Digging Out from Pain and Anger
Where is the motivation to become more active or exercise, which can be a solution to reduce pain? Motivation has to come from within. While it’s possible to motivate loved ones to take action, no one can force anyone to do anything.
Even though caregivers who try to do it all could benefit from support, the issue is similar. No one can force a caregiver to seek help, resources, or support, so if you are a caregiver before you pressure a loved one to take action, look at your situation and what you can do to help yourself first.
So these components – chronic pain, anger, loneliness, isolation, a lack of motivation, depression—all together become an endless spiral of poor health. A relationship with a spouse or aging parent who needs care can be like quicksand that pulls the caregiver down with them.
The relationship between pain and caregiver stress has a long-term effect on the health and well-being of the caregiver. Knowing this makes it imperative for caregivers to take the initiative to discuss health and expressions of anger or drown in their own pool of quicksand.
If you are a caregiver or care receiver who has been in this situation for a long time, you may be hesitant to take action to change the situation.

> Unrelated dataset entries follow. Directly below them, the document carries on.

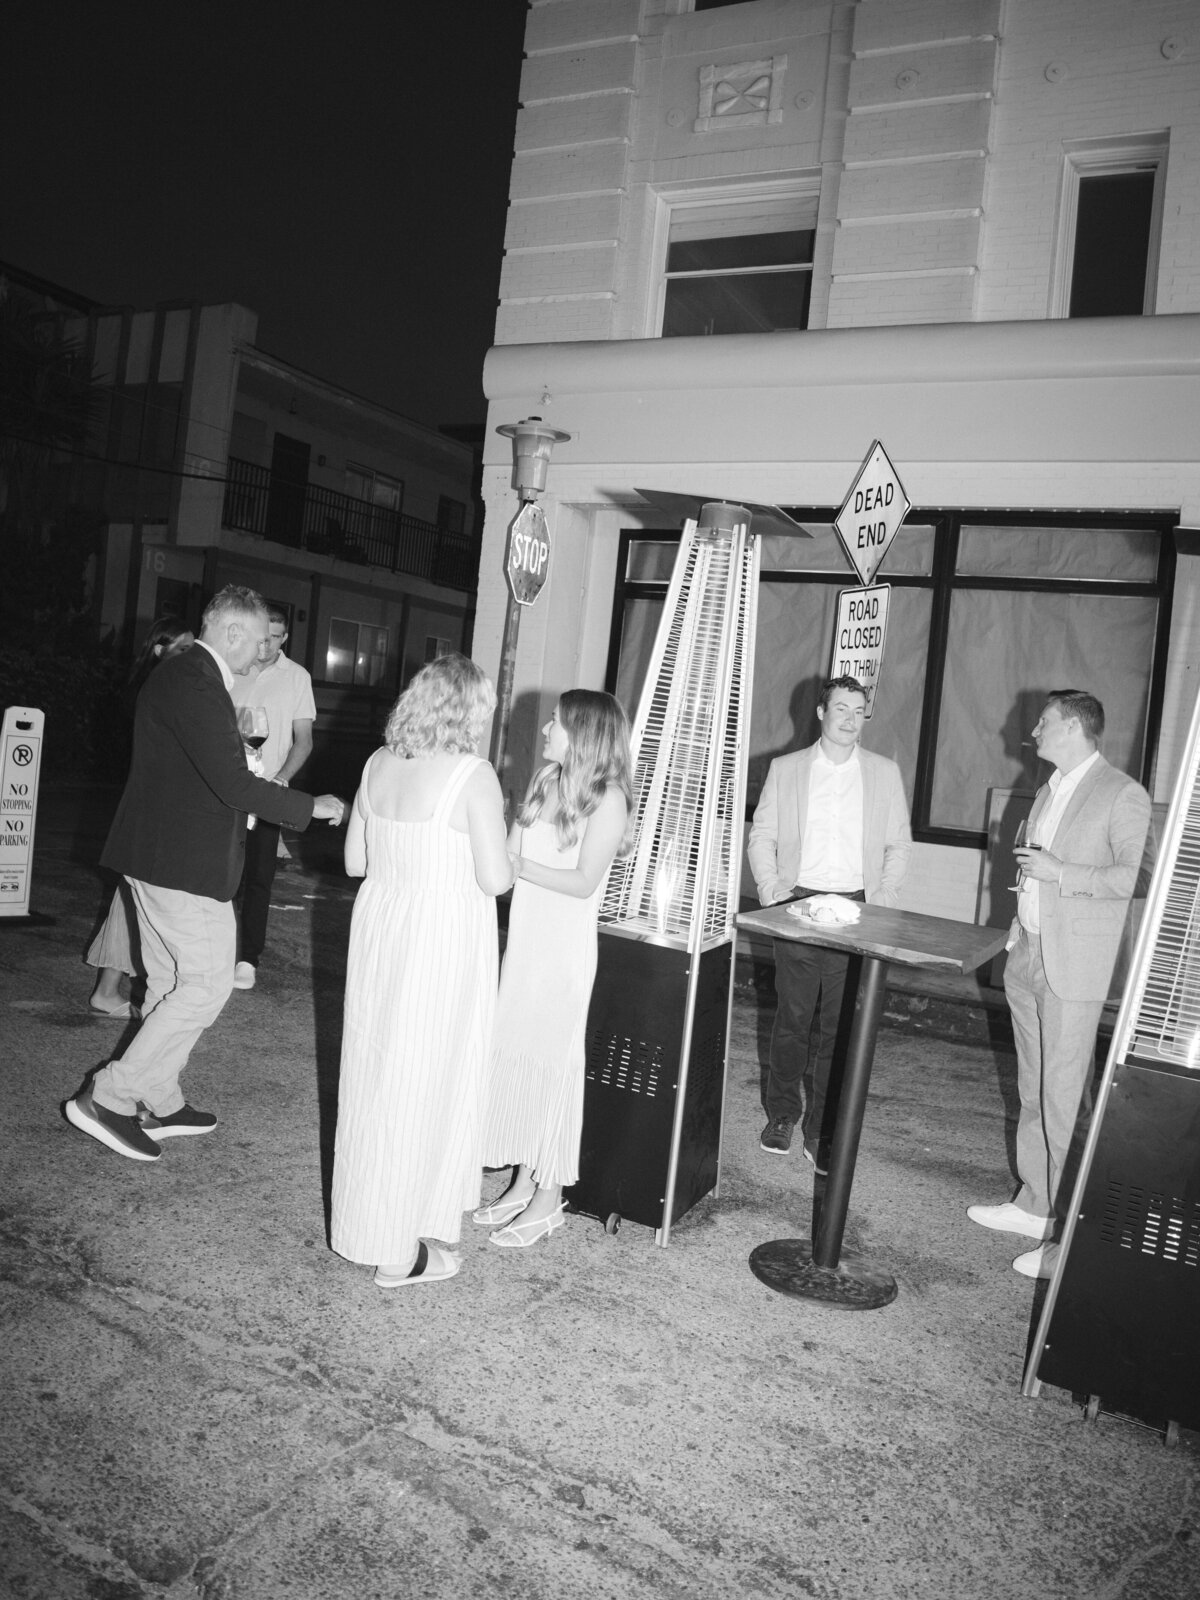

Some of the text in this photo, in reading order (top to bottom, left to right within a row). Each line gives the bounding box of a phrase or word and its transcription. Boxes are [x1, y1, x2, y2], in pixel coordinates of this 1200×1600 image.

[854, 482, 894, 514] DEAD
[857, 521, 886, 549] END
[146, 549, 166, 572] 16
[512, 533, 548, 575] STOP
[848, 597, 879, 622] ROAD
[840, 626, 882, 650] CLOSED
[839, 658, 877, 677] TO THRU
[9, 784, 28, 796] NO
[2, 798, 32, 810] STOPPING
[4, 820, 24, 832] NO
[0, 834, 28, 847] PARKING

Yet, your health and well-being depend on taking action.
Chronic Pain Affects the Relationship Between Pain and Caregiver Stress
Chronic health and pain are serious concerns connected to many aspects of life. People who work through pain research alternative means of treatment that include exercise, meditation, listening to music, cold packs, hot packs, pain patches or creams, stretching, TENS unit, cognitive therapy, or massage.

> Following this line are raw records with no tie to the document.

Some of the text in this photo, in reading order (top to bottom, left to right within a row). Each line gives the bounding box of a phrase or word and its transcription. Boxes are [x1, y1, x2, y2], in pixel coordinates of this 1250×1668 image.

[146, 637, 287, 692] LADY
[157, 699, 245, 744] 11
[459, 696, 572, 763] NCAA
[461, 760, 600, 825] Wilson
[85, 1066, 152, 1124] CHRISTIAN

Being attentive to the body-mind connection is essential. As we discussed, it’s possible to work oneself up into a frenzy of worry and then be in more pain or become emotionally distraught and experience headaches or an upset stomach.
How many don’t sleep at night because of stress or worry? Pain interferes with sleep which is vital to manage depression, anger, and anxiety.
Sleep deprivation links to frustration, irritability, sadness, and anger. Sleep is the time for the mind and the body to rest.
Deep sleep helps the brain process emotions, memories, thoughts, and problems. As a caregiver, if you don’t get a good night’s rest, you may be more forgetful the next day.
Think of sleep as being similar to having a quiet day to yourself. When you have time for yourself, your brain and body recharge. As a result, you may respond calmly instead of becoming irritated when something goes wrong.
As you can see, the relationship between chronic pain and anger involves much more than meets the eye. Health is affected by so many aspects of life that may not seem related.
You love your job. You hate your job. You’re stressed about paying the bills, not having a reliable car to get to work, or taking a parent to the doctor. All of these outside effects affect the mind and the physical body.
Worry and anxiety can become a heavy weight that prevents problem-solving, investigating, and taking action to solve problems. Instead, people become stuck in negative, repetitive, or unproductive situations and don’t know how to initiate change.
We’ll discuss why making changes or problem-solving can be tricky on an upcoming show.
But for now, I hope considering the relationship between pain and caregiver stress gives you a starting point. Consider approaches to identify pain, anger and improve relationships that may be lopsided.